Work instructions
The records must be duplicated exactly, with every picture left out.

(Collected data)

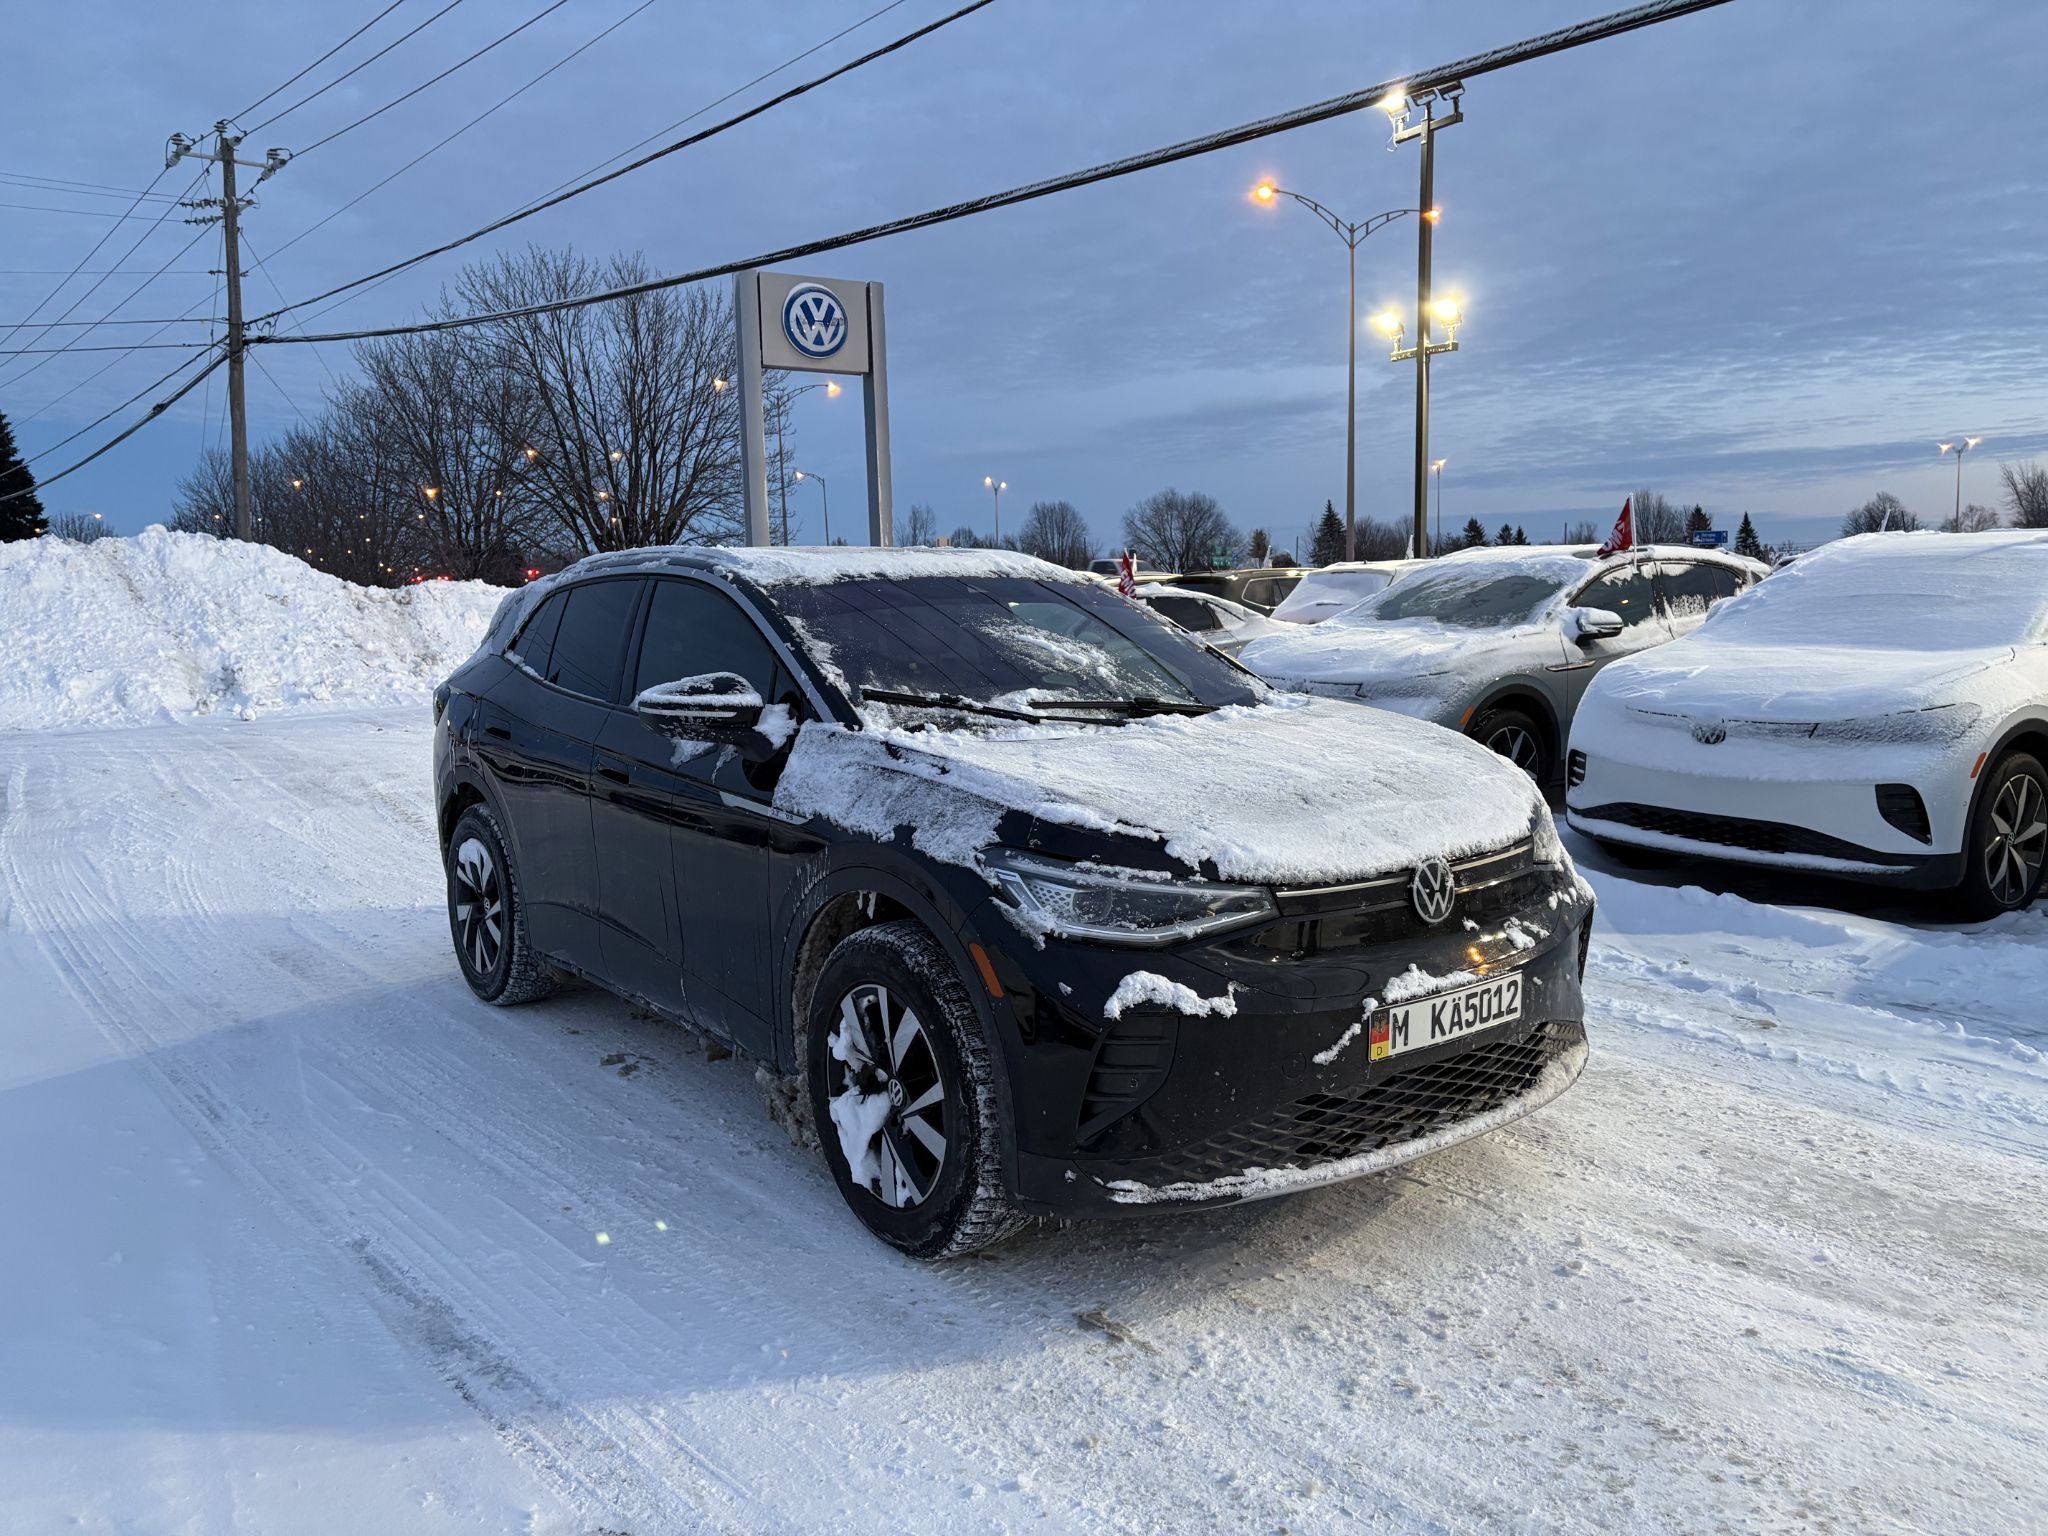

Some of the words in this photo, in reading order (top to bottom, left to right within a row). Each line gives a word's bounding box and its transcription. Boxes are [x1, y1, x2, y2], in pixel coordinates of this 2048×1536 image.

[791, 291, 845, 351] VW
[1414, 861, 1454, 918] VW
[1392, 1009, 1409, 1050] M
[1431, 979, 1519, 1039] KÄ5012
[1376, 1046, 1383, 1057] D

Finished task
Some of the words in this photo, in reading order (top to bottom, left to right within a row). Each line gives a word's bounding box and its transcription. Boxes are [x1, y1, x2, y2], in pixel coordinates of this 2048×1536 image.

[791, 291, 845, 351] VW
[1414, 861, 1454, 918] VW
[1392, 1009, 1409, 1050] M
[1431, 979, 1519, 1039] KÄ5012
[1376, 1046, 1383, 1057] D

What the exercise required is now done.